13.0 An Inverted Baptism

[25] Superman experienced an inverted baptism in S2. He willingly entered the Fortress's crystal chamber and was decommissioned via "a mystical baptism of light that saps his superpowers."41 This event is antithetical to the experience of Jesus Christ who was baptised in water by John the Baptist and the Holy Spirit, thus earning divine approval from God for his mission (Matt. 3:16-17).

14.0 Evil Tempting Good

[26] Like the biblical Satan did to Jesus (Matt. 4:8-9), Luthor in S1 tempted Superman with an indirect offer of a worldly kingdom. This was refused, just as Jesus refused the Devil's offer (Matt. 4:10). It also mirrored Jor-El's refusal when General Zod offered him greatness (second only to Zod), if he joined their rebel band prior to his imminent banishment into the Phantom Zone. In S2, Luthor attempted another partnership with Superman in the Fortress of Solitude during, and after, the defeat of the evil triumvirate, but again without success. Christopher Reeve claimed: "What makes Superman a hero is not that he has power, but that he has the wisdom and the maturity to use that power wisely. From an acting point of view, that's how I approach the part."42 Jesus acted in a similar responsible fashion.

15.0 The Truthful Preacher

[27] Jesus preached to both the good and the bad. Likewise, Superman preached to both the good and the bad. For example, he used theological concepts when he said to police officer Mooney (George Harris II), while handing over his cat burglar prisoner (David Baxt): "They say confession is good for the soul." Superman was also amenable to being questioned, as demonstrated by his sit-down interview with Lois Lane where he was able to skilfully deflect tricky personal questions, such as revealing his age. He also engaged in his own wickedly coy game of answering Lois's double entendre questions. Likewise, Jesus was able to deflect tricky questions (Matt. 22:16-22). Indeed, Superman claimed to Lois that he never lied, which was reinforced by Lex Luthor in S2 when he said that Superman "always told the truth." This resonated strongly with Jesus's claim: "I tell you the truth" (John 8:45).

16.0 The Non-Author

[28] Perry White (Jackie Cooper) considered Clark Kent to be the fastest typist he had seen in forty years in the journalism business, and claimed that Clark had a "snappy, punchy prose style." Yet, we never see any actual professional writing from reporter Clark, let alone Superman. This resonated with the fact that Jesus never left behind any writings directly authored by him (as opposed to many reports about him, and the sayings attributable to him).

7.0 The Miracle Man

[29] Superman saved Lois Lane by flying very fast above the Earth's atmosphere and reversing the planet's axial spin. Consequently, Lois's crushing death was corrected when "time is turned back and Lois resurrected."43 Superman had demonstrated control over the physical world just like Jesus who could calm wild winds (Matt. 8:26; 14:32), quell sea tempests (Matt. 8:23-27), and walk on water (Matt. 14:25, 28-31). Symbolically speaking, Superman had to go beyond Earth to the heavens to achieve his most miraculous effect. When he resurrected Lois, he acted like Jesus who brought back from the dead, the ruler's daughter (Matt. 9:23-35), the only son of the widowed mother (Luke 7:11-15), and Lazarus (John 11:41-44). Less spectacularly but still significant, Superman could not be held up by crowds, as evidenced prior to his drilling entry through the main street into Luthor's underground lair. Likewise, Jesus could pass through crowds easily (Luke 4:29-30).

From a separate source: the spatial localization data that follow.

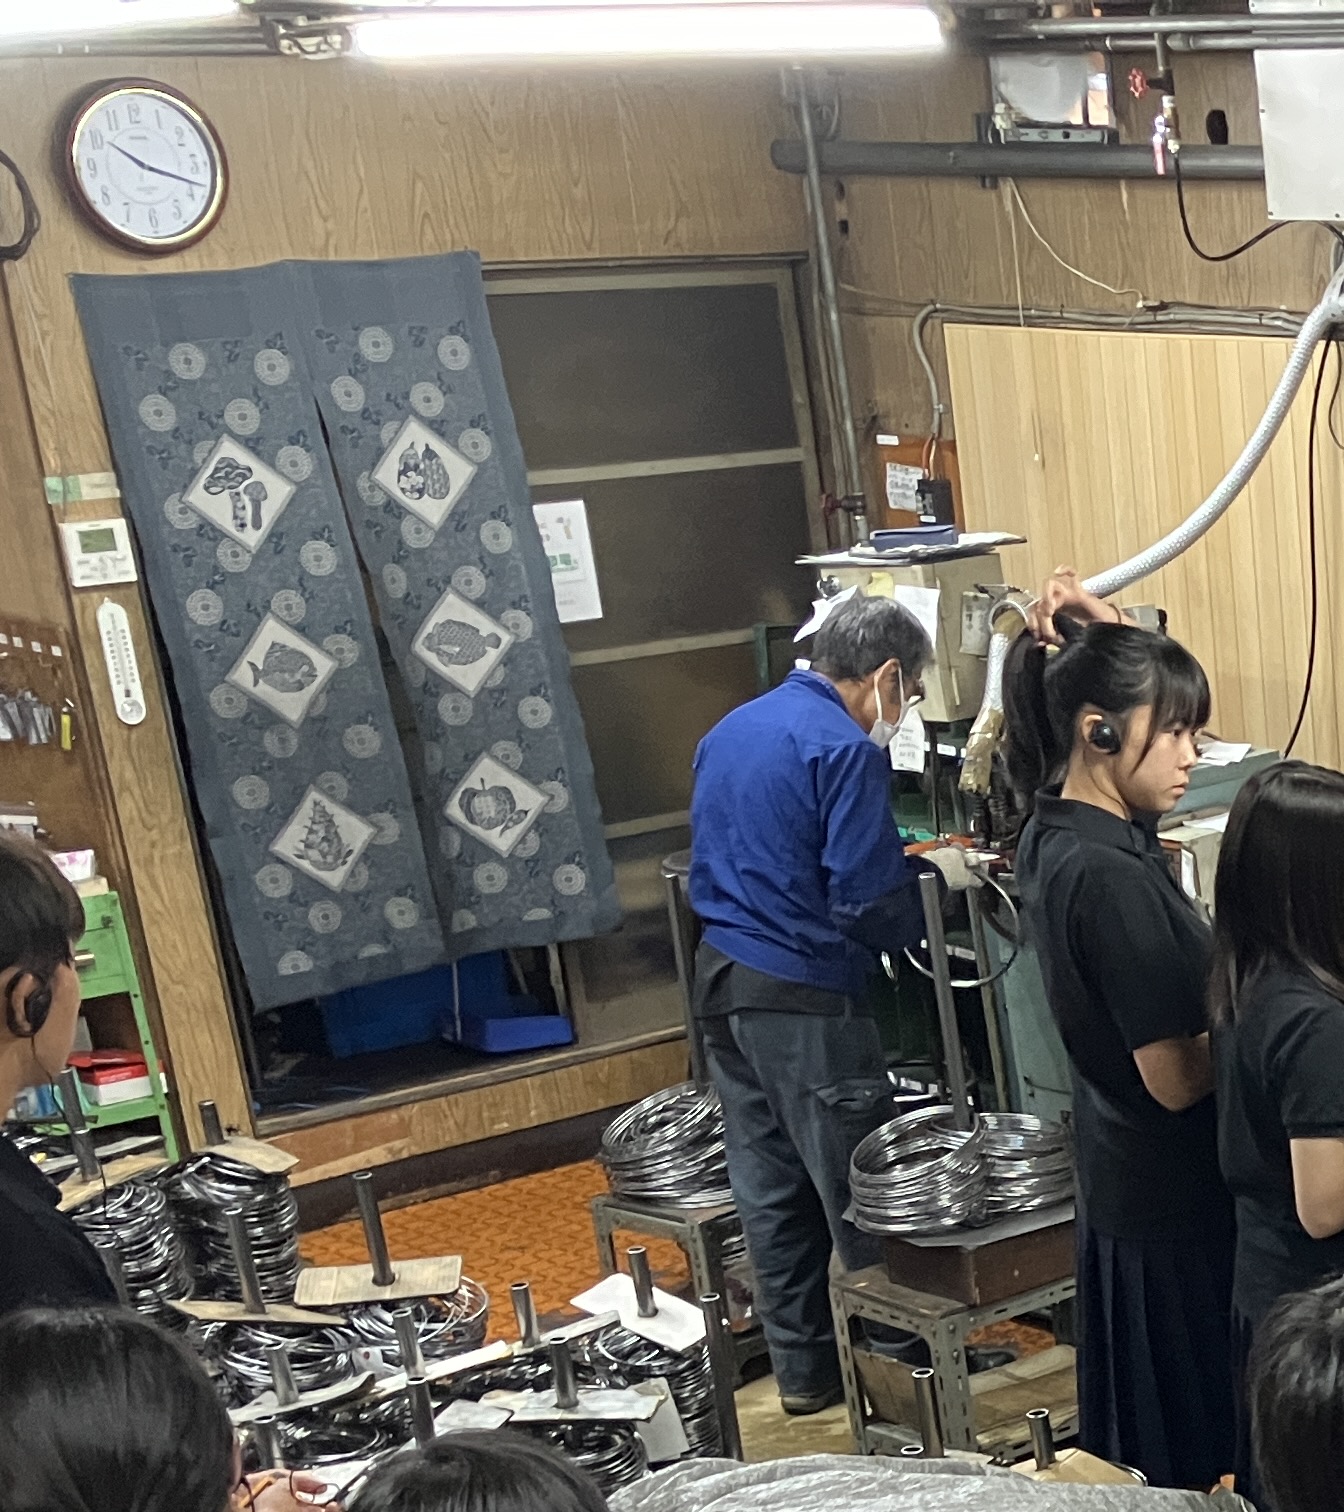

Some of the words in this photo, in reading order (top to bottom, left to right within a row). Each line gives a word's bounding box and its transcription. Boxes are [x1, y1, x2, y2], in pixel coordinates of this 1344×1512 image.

[106, 109, 120, 131] 11
[127, 103, 141, 124] 12
[155, 109, 163, 130] 1
[89, 128, 104, 150] 10
[175, 126, 186, 147] 2
[87, 157, 98, 179] 9
[100, 185, 111, 206] 8
[123, 202, 130, 223] 7
[149, 208, 159, 229] 6

[30] As to the truth of his powers, the fundamental question was posed by a TV reporter at Superman's first public appearance in S1: "Your guess is good as anybody's. True or false? Miracle or fraud? The answer is up to you. Man or myth" [my emphasis]. The same questions are asked about Jesus Christ, but if the answer can be taken from the first word order pattern, then there can be only one conclusion, he was a True Miracle Man.

18.0 Divine Death, Destruction and Symbolism

[31] Christians today usually wear crosses around their necks, a stylised symbol of the Roman instrument of Jesus's slow and agonising death. Likewise, Superman was slowly being put to death by Lex Luthor when he exposed him to lethal green Kryptonite. A chain with an attached piece of it was placed around his neck as both the cause and sign of Superman's slow, agonising death. Following Jesus's crucifixion, he was placed in a burial tomb/sepulchre (John 19:41-42). Superman's intended resting-place was a water-filled cavernous swimming pool-cum-tomb which Luthor pushed Superman into. Why this watery death? Presumably because water baptism is also a symbol of Christ's death and burial (Rom. 6:4).

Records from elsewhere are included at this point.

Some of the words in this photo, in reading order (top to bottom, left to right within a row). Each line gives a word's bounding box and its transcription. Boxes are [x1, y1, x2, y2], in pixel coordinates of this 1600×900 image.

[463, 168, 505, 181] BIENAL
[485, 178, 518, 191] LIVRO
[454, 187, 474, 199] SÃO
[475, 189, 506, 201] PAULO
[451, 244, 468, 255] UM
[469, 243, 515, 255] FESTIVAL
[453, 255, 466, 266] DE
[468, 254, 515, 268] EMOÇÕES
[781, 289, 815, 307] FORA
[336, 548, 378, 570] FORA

[32] At Jesus's death, earthquakes occurred (Matt. 27:54). While Superman is slowly dying and near death, Lex Luthor left him to monitor the two nuclear missiles he had launched to create devastating earthquakes in California and New Jersey. Just as Jesus experienced a resurrection from his grave site (John 20), Superman was resurrected from his grave site. Consequently, "Superman emerges from the water and, in another symbolic rebirth, regains his powers and saves New Jersey from Luthor's missile."44 The missile that Superman could not stop in time hit the San Andreas fault causing massive destruction, and the subsequent death of Lois Lane when her car is sucked into the fault-line crevice caused by the detonation shock wave.

[33] According to Matthew 27:52-53, these Jesus-related earthquakes caused graves to be opened, and miraculously, many bodies of the saints that slept arose and went into the holy city and appeared unto many. Likewise, the dead Lois Lane trapped in her earthquake-caused car-tomb is subsequently saved by Superman's time reversal trick, and so she returns to all her friends in the wilderness and eventually back to work in Metropolis. At one point, Superman had dived into the molten magma to repair the earthquake missile damage. It was an act that resonated with the "Apostle's Creed [which] states Jesus descended into Hades following the cross."45

19.0 The Despised Jesus

[34] After Superman escaped from the unholy triumvirate and disappeared in S2, the people quickly became angry and disillusioned about his fleeing absence. Some claiming he had "chickened out" and was therefore a "phoney." Jesus experienced similar crowd disapproval over his life, work, death and yet-to-be-realised Second Coming (Acts 1:11). The faithful quickly dissolved away from both Jesus and Superman at these times of adversity and failed saviour expectations.

20.0 The Ascended Jesus, the Risen Christ, the Flying Superman

[35] The triumphantly ascended Jesus left his earthly disciples "gazing up into heaven" (Acts 1:11). He was to benevolently watch over us all, assured in the knowledge that his mission as the undisputed "Savior of the world" (John 4:42) was a success. Similarly, in S1, Superman triumphantly left his earthly "disciples" and second earthly family, Lois Lane and Jimmy Olsen (Marc McClure), gazing at him as he flew upwards to glory among the stars. He benevolently watched over the planet Earth assured in the knowledge that the world (particularly America) was safe now that its greatest guardian was on the job again. He did the same thing at the end of S2.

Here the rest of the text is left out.